[Records from a dataset]
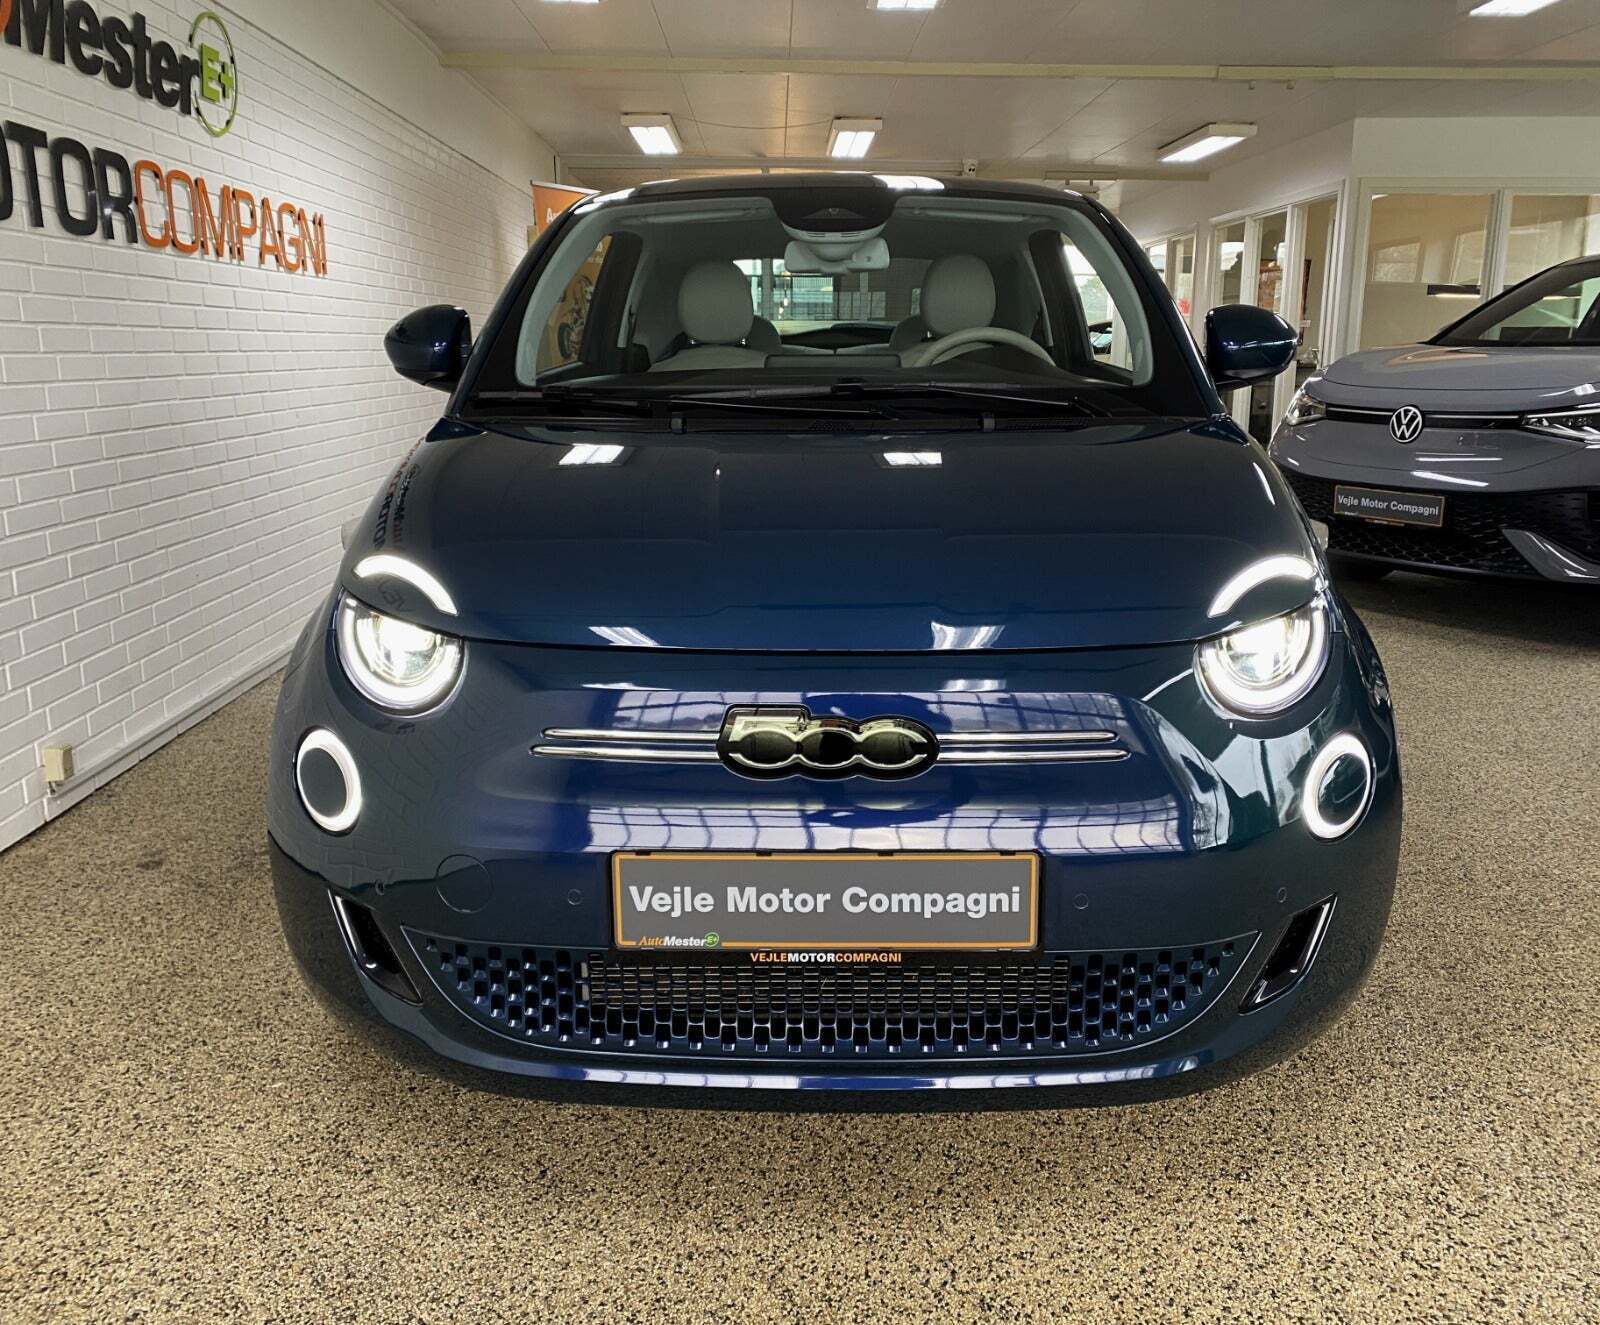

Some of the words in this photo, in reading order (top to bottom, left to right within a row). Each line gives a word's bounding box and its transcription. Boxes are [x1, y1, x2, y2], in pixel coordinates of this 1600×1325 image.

[0, 0, 200, 115] Mester
[0, 119, 328, 277] TORCOMPAGNI
[1338, 495, 1359, 507] Vejle
[1360, 497, 1388, 510] Motor
[1390, 501, 1439, 516] Compagni
[628, 886, 714, 917] Vejle
[727, 886, 831, 913] Motor
[842, 886, 1020, 919] Compagni
[750, 952, 902, 963] VEJLEMOTORCOMPAGNI

Work order
Starting with the top line, write out all the data above exactly; keep the pictures out.

Finished task
Some of the words in this photo, in reading order (top to bottom, left to right within a row). Each line gives a word's bounding box and its transcription. Boxes are [x1, y1, x2, y2], in pixel coordinates of this 1600×1325 image.

[0, 0, 200, 115] Mester
[0, 119, 328, 277] TORCOMPAGNI
[1338, 495, 1359, 507] Vejle
[1360, 497, 1388, 510] Motor
[1390, 501, 1439, 516] Compagni
[628, 886, 714, 917] Vejle
[727, 886, 831, 913] Motor
[842, 886, 1020, 919] Compagni
[750, 952, 902, 963] VEJLEMOTORCOMPAGNI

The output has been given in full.